From: Jann Horn <jannh(a)google.com>
commit 71c186efc1b2cf1aeabfeff3b9bd5ac4c5ac14d8 upstream.
Patch series "userfaultfd: fix races around pmd_trans_huge() check", v2.
The pmd_trans_huge() code in mfill_atomic() is wrong in three different
ways depending on kernel version:
1. The pmd_trans_huge() check is racy and can lead to a BUG_ON() (if you hit
the right two race windows) - I've tested this in a kernel build with
some extra mdelay() calls. See the commit message for a description
of the race scenario.
On older kernels (before 6.5), I think the same bug can even
theoretically lead to accessing transhuge page contents as a page table
if you hit the right 5 narrow race windows (I haven't tested this case).
2. As pointed out by Qi Zheng, pmd_trans_huge() is not sufficient for
detecting PMDs that don't point to page tables.
On older kernels (before 6.5), you'd just have to win a single fairly
wide race to hit this.
I've tested this on 6.1 stable by racing migration (with a mdelay()
patched into try_to_migrate()) against UFFDIO_ZEROPAGE - on my x86
VM, that causes a kernel oops in ptlock_ptr().
3. On newer kernels (>=6.5), for shmem mappings, khugepaged is allowed
to yank page tables out from under us (though I haven't tested that),
so I think the BUG_ON() checks in mfill_atomic() are just wrong.

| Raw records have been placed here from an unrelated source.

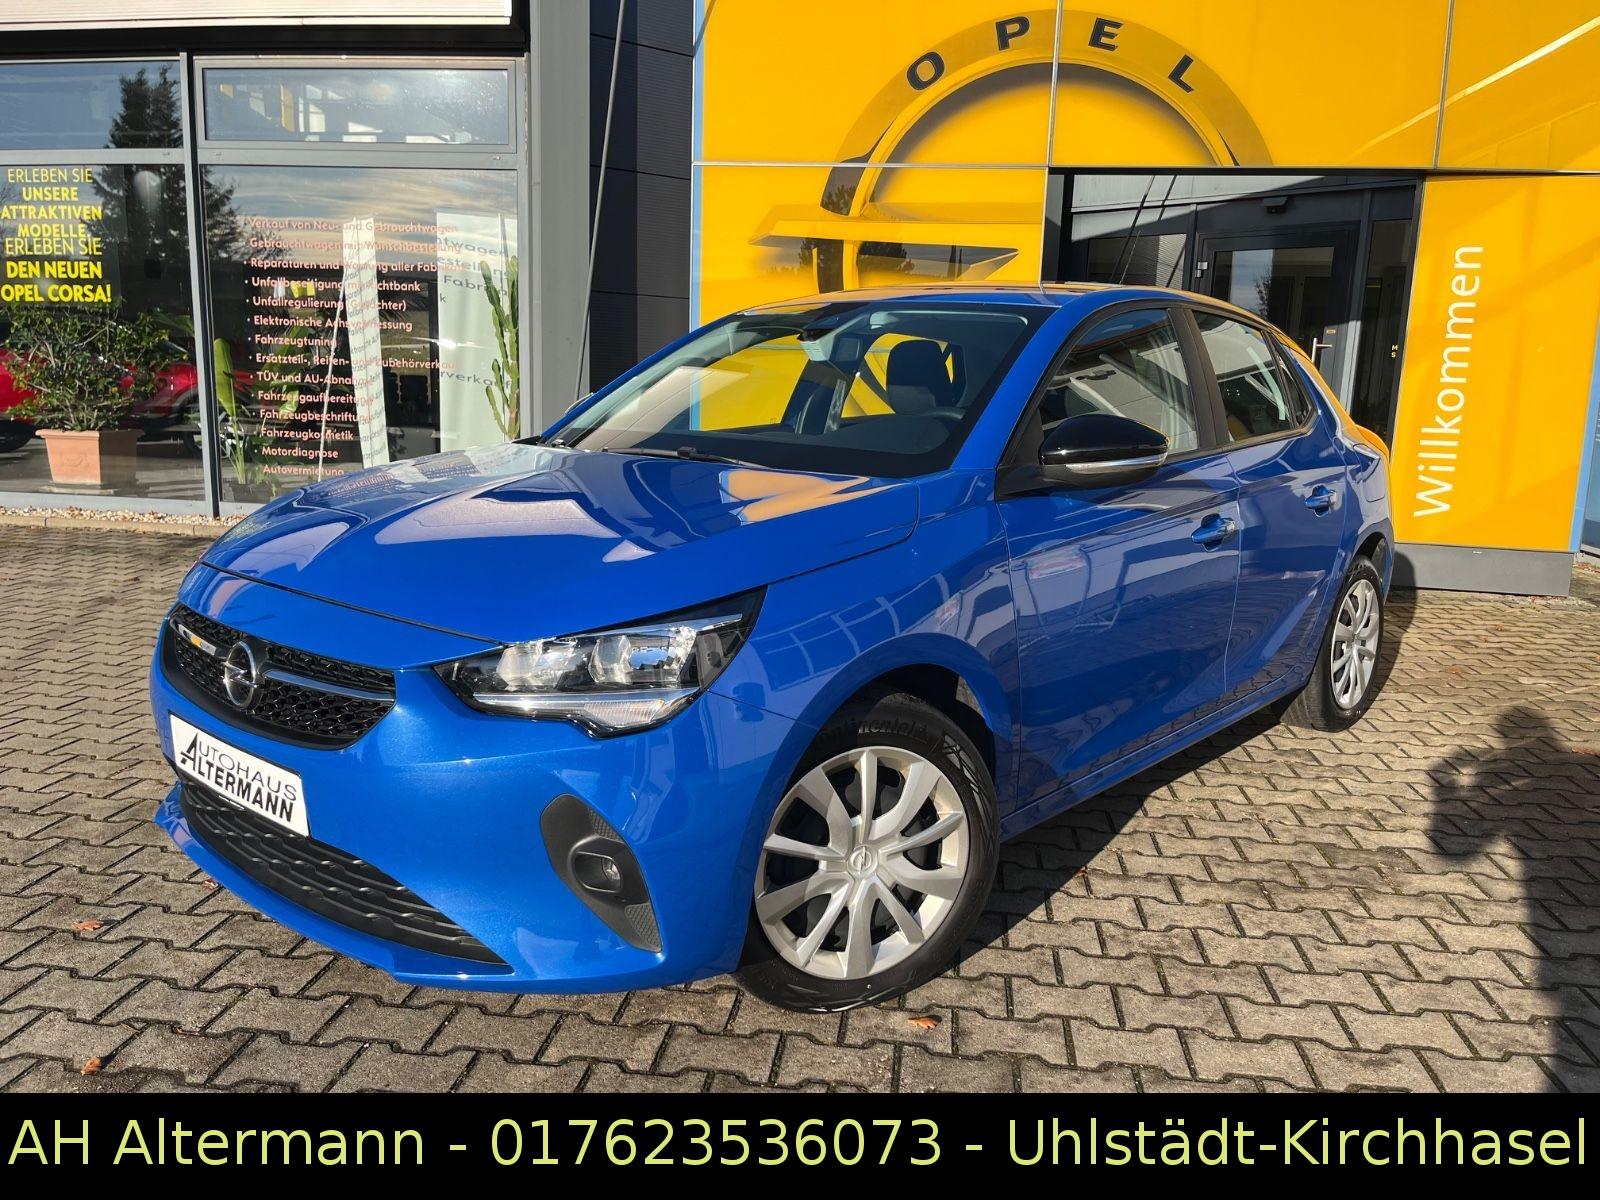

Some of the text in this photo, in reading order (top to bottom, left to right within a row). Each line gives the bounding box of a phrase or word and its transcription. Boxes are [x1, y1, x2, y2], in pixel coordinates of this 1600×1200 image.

[906, 16, 1194, 93] OPEL
[7, 168, 94, 183] ERLEBEN SIE
[22, 186, 79, 201] UNSERE
[0, 204, 103, 220] ATTRAKTIVEN
[18, 223, 91, 238] MODELLE.
[248, 217, 289, 229] Verkauf
[291, 221, 311, 230] von
[5, 238, 103, 256] ERLEBEN SIE
[250, 237, 341, 251] Gebrauchtwagen
[6, 260, 103, 279] DEN NEUEN
[250, 257, 317, 270] Reparaturen
[319, 259, 340, 270] und
[391, 261, 415, 272] aller
[251, 276, 344, 291] Unfallbeseitigung
[367, 279, 421, 292] chtbank
[0, 284, 112, 302] OPEL CORSA!
[252, 295, 344, 310] Unfallregulierung
[253, 315, 322, 328] Elektronische
[254, 334, 337, 348] Fahrzeugtuning
[313, 354, 350, 366] Reifen-
[257, 370, 279, 381] TÜV
[281, 373, 301, 383] und
[1413, 246, 1483, 517] Willkommen
[261, 427, 354, 441] Fahrzeugkometik
[261, 446, 339, 459] Motordiagnose
[180, 732, 297, 801] AUTOHAUS
[180, 732, 294, 823] ALTERMANN

I decided to write two separate fixes for these (one fix for bugs 1+2, one
fix for bug 3), so that the first fix can be backported to kernels
affected by bugs 1+2.
This patch (of 2):
This fixes two issues.
I discovered that the following race can occur:
mfill_atomic other thread
============ ============
<zap PMD>
pmdp_get_lockless() [reads none pmd]
<bail if trans_huge>
<if none:>
<pagefault creates transhuge zeropage>
__pte_alloc [no-op]
<zap PMD>
<bail if pmd_trans_huge(*dst_pmd)>
BUG_ON(pmd_none(*dst_pmd))
I have experimentally verified this in a kernel with extra mdelay() calls;
the BUG_ON(pmd_none(*dst_pmd)) triggers.
On kernels newer than commit 0d940a9b270b ("mm/pgtable: allow
pte_offset_map[_lock]() to fail"), this can't lead to anything worse than
a BUG_ON(), since the page table access helpers are actually designed to
deal with page tables concurrently disappearing; but on older kernels
(<=6.4), I think we could probably theoretically race past the two
BUG_ON() checks and end up treating a hugepage as a page table.

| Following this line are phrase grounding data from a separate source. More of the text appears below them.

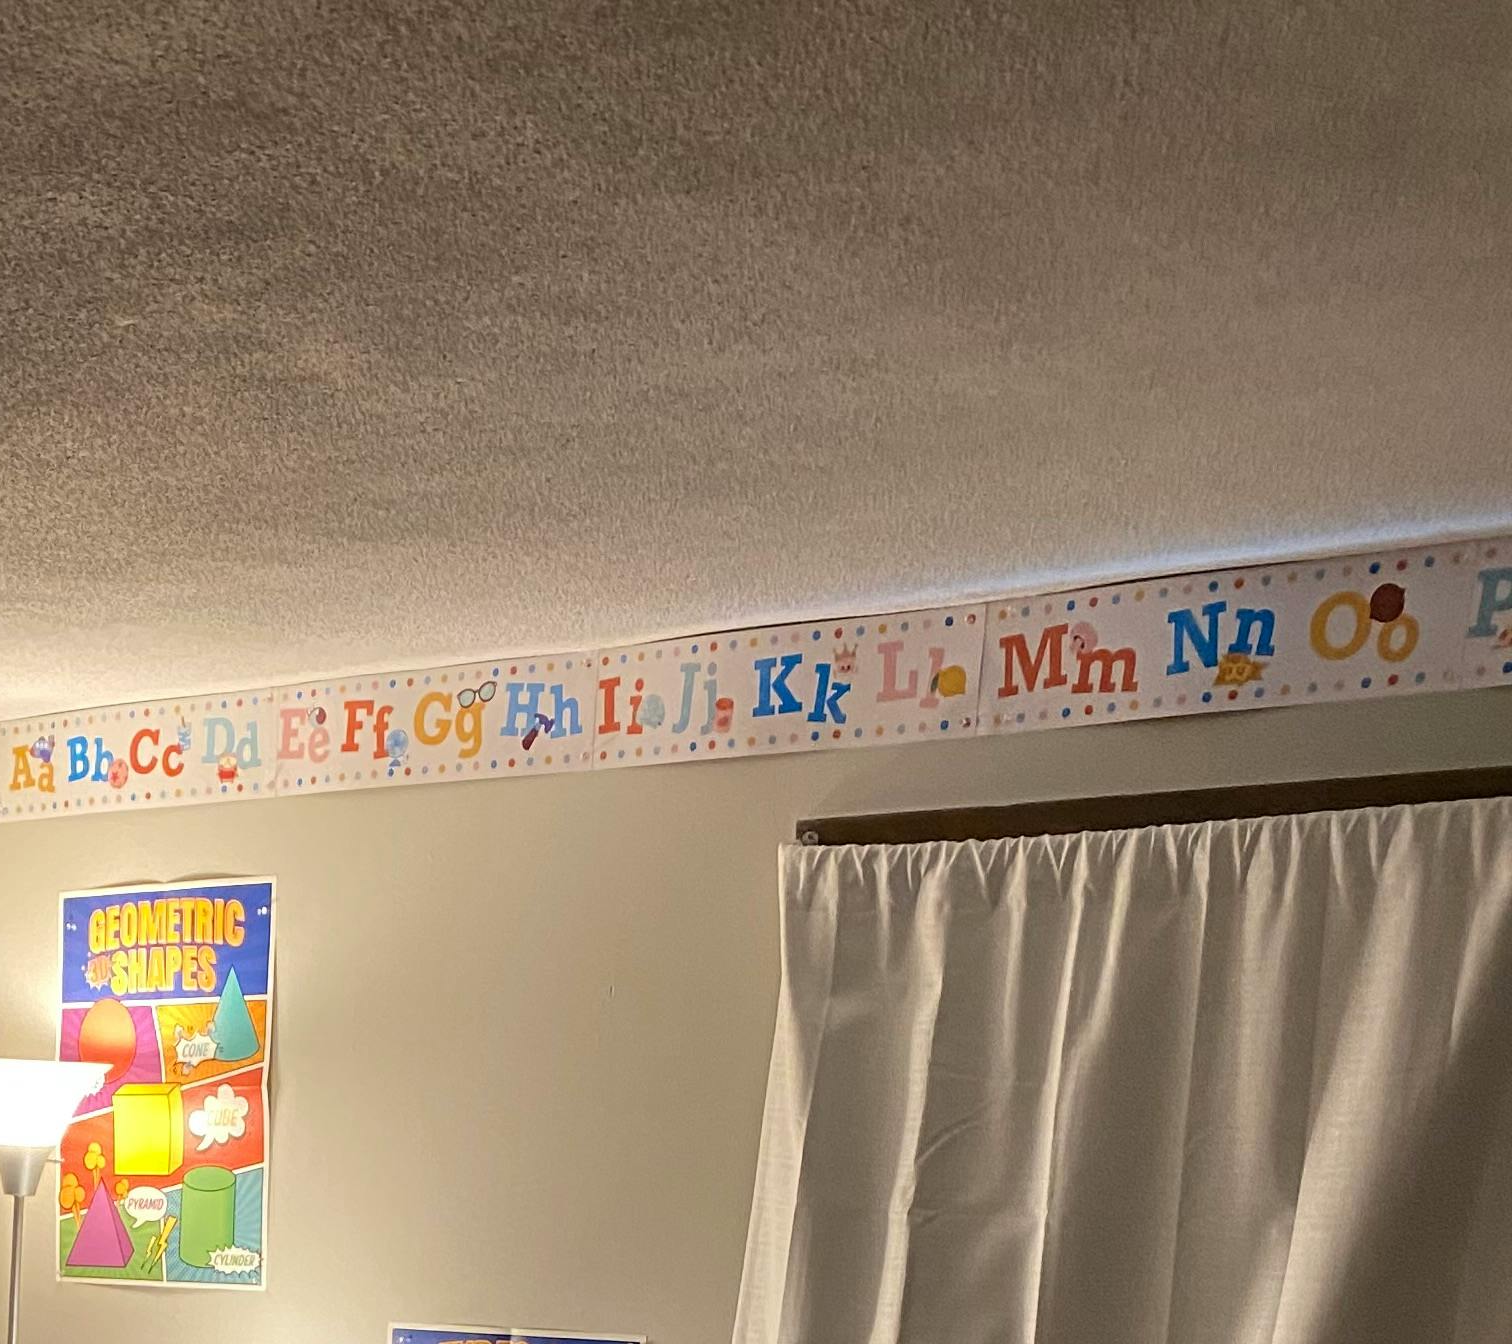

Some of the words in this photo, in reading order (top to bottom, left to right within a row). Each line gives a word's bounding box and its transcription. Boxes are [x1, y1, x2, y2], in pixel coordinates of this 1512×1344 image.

[9, 744, 56, 793] Aa
[66, 735, 115, 782] Bb
[129, 729, 185, 777] Cc
[201, 716, 262, 770] Dd
[277, 708, 332, 763] Ee
[341, 699, 394, 760] Ff
[413, 690, 488, 757] Gg
[499, 681, 582, 739] Hh
[598, 676, 644, 735] Ii
[752, 653, 852, 724] Kk
[997, 623, 1139, 699] Mm
[1166, 601, 1275, 676] Nn
[1309, 590, 1420, 663] Oo
[89, 899, 246, 954] GEOMETRIC
[111, 946, 217, 996] SHAPES
[181, 1041, 210, 1059] CONE
[127, 1196, 164, 1212] PYRAMID
[213, 1252, 256, 1268] CYLINDER
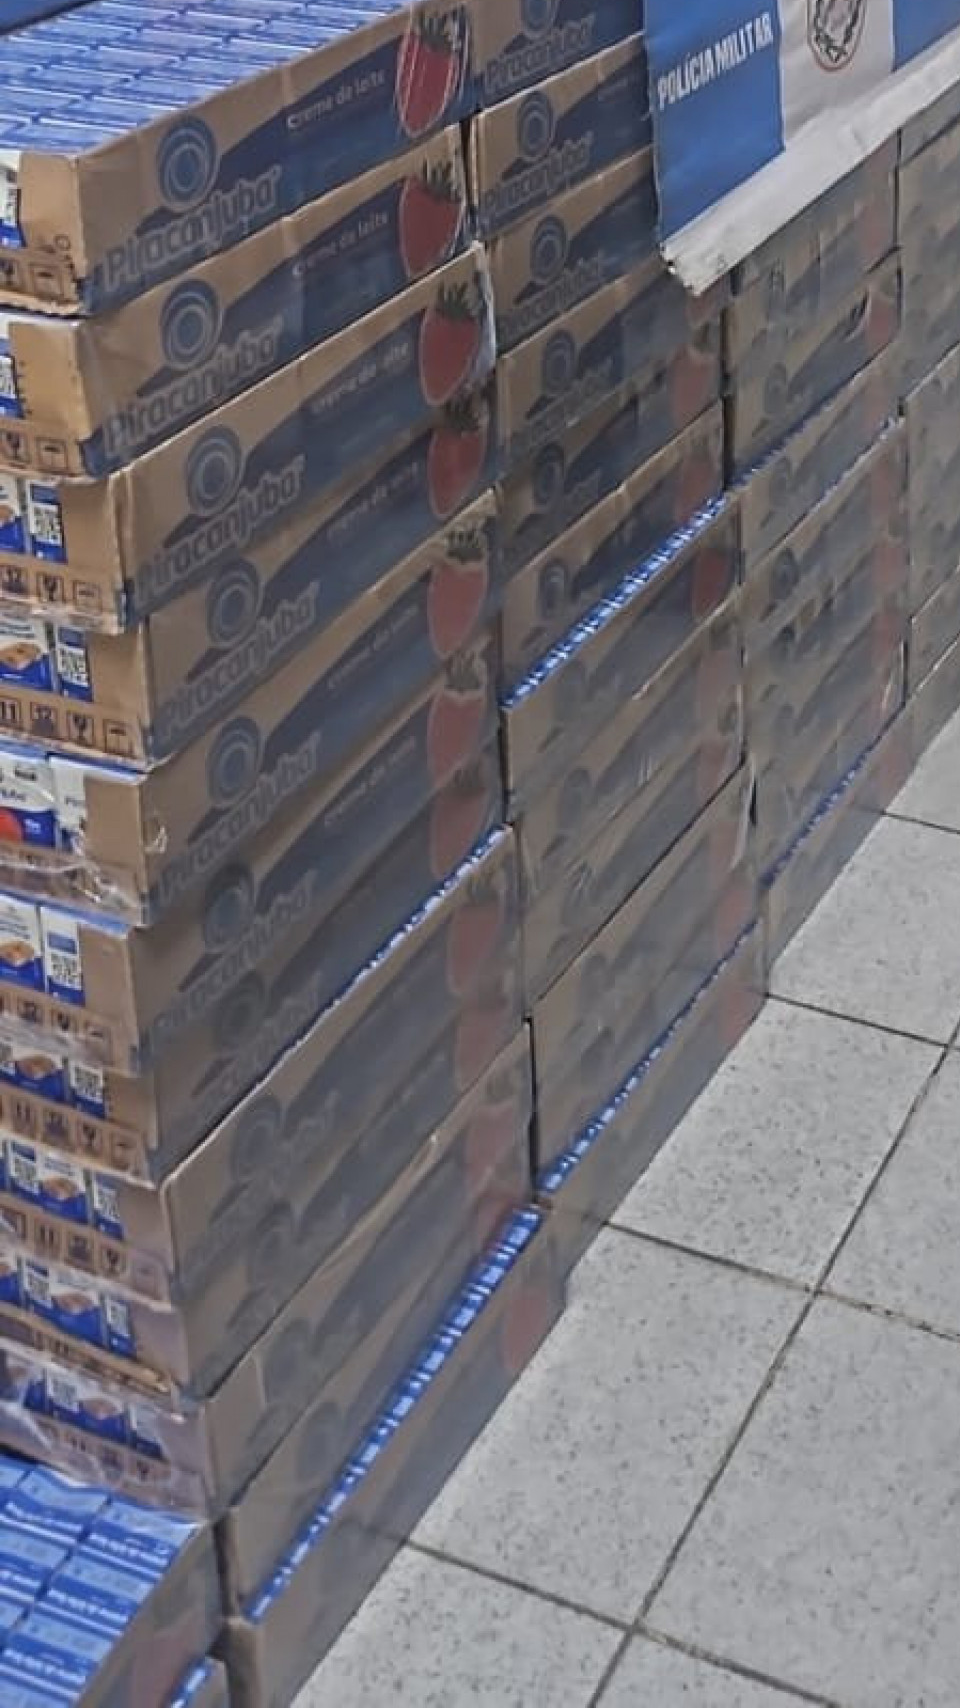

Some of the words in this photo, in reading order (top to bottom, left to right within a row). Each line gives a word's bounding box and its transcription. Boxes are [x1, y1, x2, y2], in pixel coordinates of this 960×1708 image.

[286, 94, 335, 130] creme
[334, 85, 355, 106] de
[355, 69, 386, 98] leite
[657, 47, 717, 112] POLÍCIA
[713, 11, 775, 76] MILITAR
[102, 164, 284, 295] Piracanjuba
[103, 314, 284, 461] Piracanjuba
[133, 453, 307, 614] Piracanjuba

The second issue is that, as Qi Zheng pointed out, there are other types
of huge PMDs that pmd_trans_huge() can't catch: devmap PMDs and swap PMDs
(in particular, migration PMDs).
On <=6.4, this is worse than the first issue: If mfill_atomic() runs on a
PMD that contains a migration entry (which just requires winning a single,
fairly wide race), it will pass the PMD to pte_offset_map_lock(), which
assumes that the PMD points to a page table.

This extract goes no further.